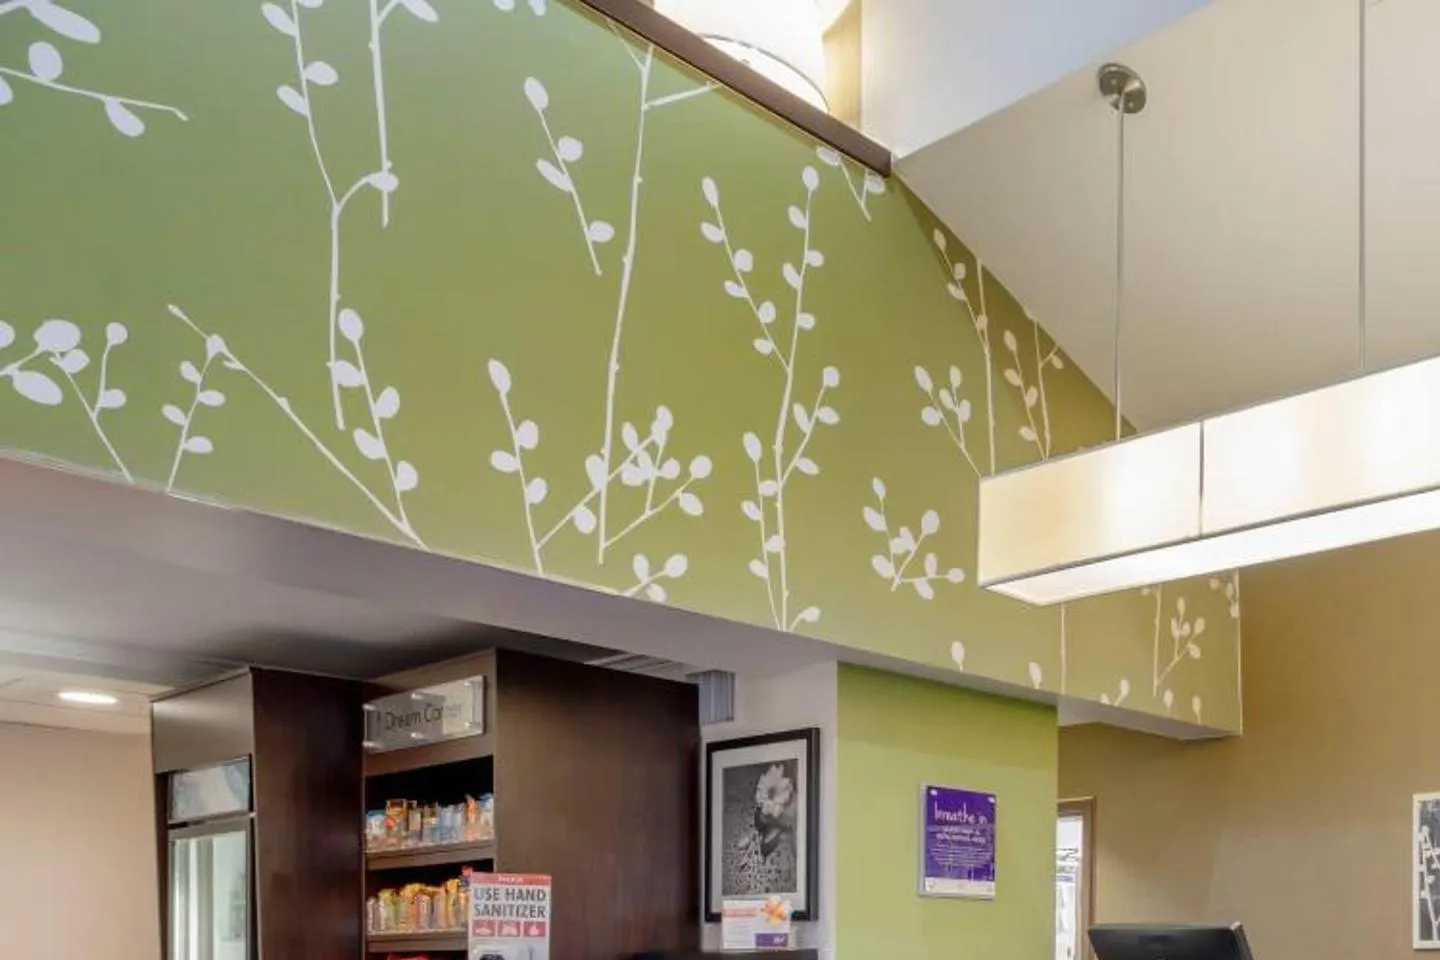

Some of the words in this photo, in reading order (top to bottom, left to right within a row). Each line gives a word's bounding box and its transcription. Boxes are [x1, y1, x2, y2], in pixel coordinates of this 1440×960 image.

[473, 887, 500, 902] USE
[505, 888, 547, 903] HAND
[473, 904, 547, 919] SANITIZER
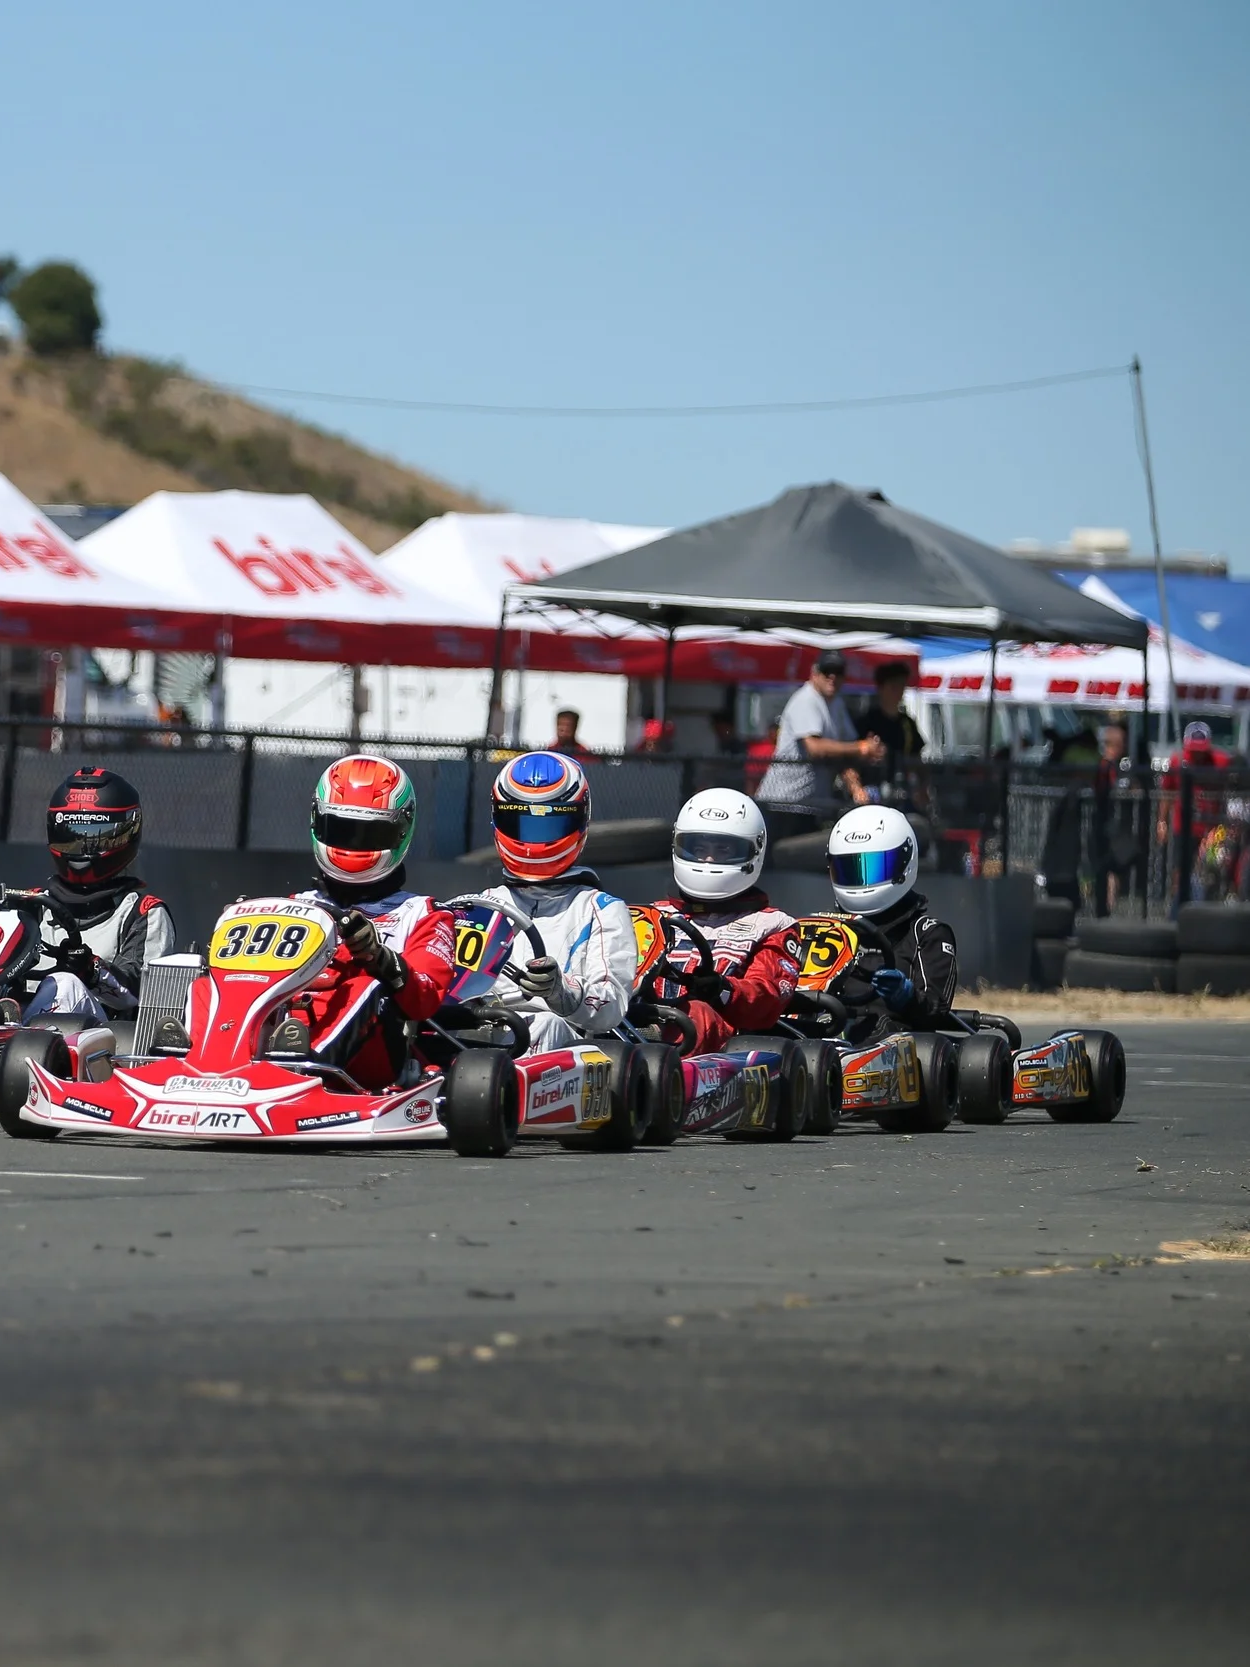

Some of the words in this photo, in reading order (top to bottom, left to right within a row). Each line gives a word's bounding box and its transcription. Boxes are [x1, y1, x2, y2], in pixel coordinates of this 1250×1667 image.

[69, 794, 94, 802] SHOEI
[63, 814, 109, 822] CAMERON
[848, 832, 869, 840] Arai
[235, 904, 315, 916] birelART
[216, 923, 310, 959] 398
[170, 1078, 245, 1090] CAMBRIAN
[532, 1077, 580, 1110] birelART
[66, 1097, 112, 1118] MOLECULE
[148, 1110, 247, 1128] birelART
[298, 1111, 358, 1127] MOLECULE

Assigned task
Without including any pictures, output each entry above exactly as it appears.

Exercise output
Some of the words in this photo, in reading order (top to bottom, left to right within a row). Each line gives a word's bounding box and its transcription. Boxes are [x1, y1, x2, y2], in pixel coordinates of this 1440×960 image.

[473, 887, 500, 902] USE
[505, 888, 547, 903] HAND
[473, 904, 547, 919] SANITIZER

Some of the words in this photo, in reading order (top to bottom, left to right within a row). Each line gives a word's bounding box and its transcription. Boxes are [x1, y1, x2, y2], in pixel coordinates of this 1250×1667 image.

[69, 794, 94, 802] SHOEI
[63, 814, 109, 822] CAMERON
[848, 832, 869, 840] Arai
[235, 904, 315, 916] birelART
[216, 923, 310, 959] 398
[170, 1078, 245, 1090] CAMBRIAN
[532, 1077, 580, 1110] birelART
[66, 1097, 112, 1118] MOLECULE
[148, 1110, 247, 1128] birelART
[298, 1111, 358, 1127] MOLECULE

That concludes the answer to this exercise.